Following a drop in US Dollar revenue, the usable reserve of the state treasury declined to USD 179 million by the end of October.
According to Maldives Monetary Authority (MMA)’s economic review, the central bank’s usable reserve stood at MVR 179.8 million by October end, which is a monthly decrease of six percent.
MMA attributed this drop to a decline in US Dollar revenue. The official reserve by the end of October was MVR 494.4 million, which is a drop of five percent compared to the previous month.
Government revenue and expenditure
The highest US Dollar revenue for import-dependent Maldives is from the tourism industry, with MVR 1.3 billion recorded in October. According to MMA, the amount is MVR 80.2 million higher than that of the previous year.

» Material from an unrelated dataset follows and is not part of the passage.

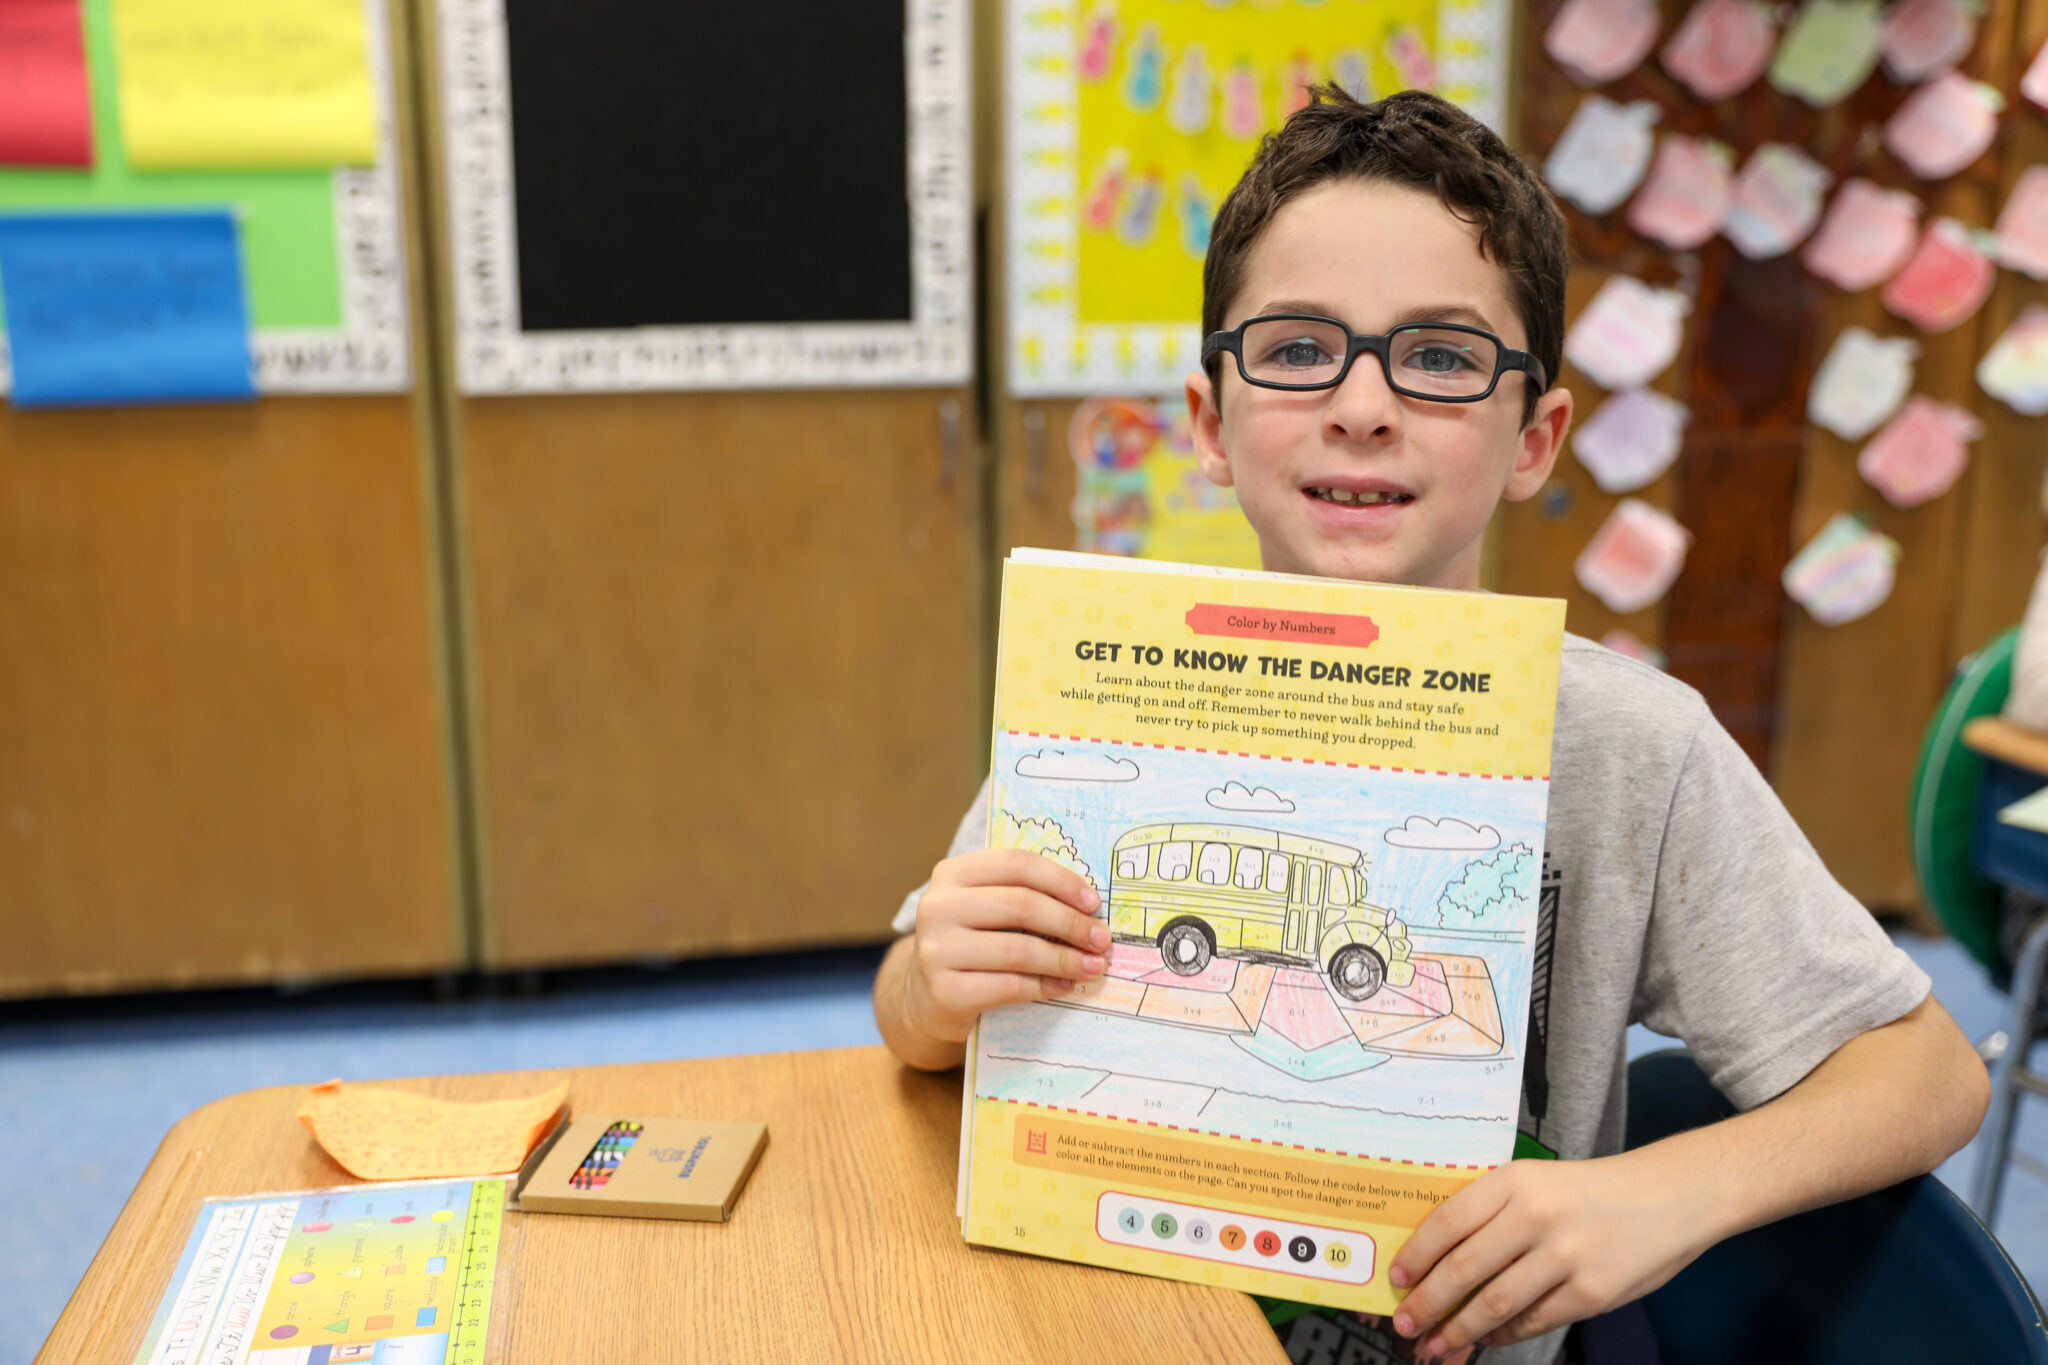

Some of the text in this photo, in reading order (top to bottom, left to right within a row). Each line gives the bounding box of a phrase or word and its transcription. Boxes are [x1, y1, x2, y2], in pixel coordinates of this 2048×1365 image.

The economic review stated that revenue from tourism spiked due to increased revenue from taxes and other income. Tax revenue had inclined due to higher business profits, while other sources of income had increased due to higher revenue from Airport Development fees.
Meanwhile, the government expenditures in October amounted to MVR 1.5 billion in state employee remunerations and development projects. MMA stated that the record is MVR 808.9 million lower than the same period last year.
According to the review, the government’s capital expenditures and recurrent expenditures had gone down in October. The drop in capital expenditures was due to lower spending in the Public Sector Investment Programme, while recurrent expenditures had decreased due to a drop in loan service costs.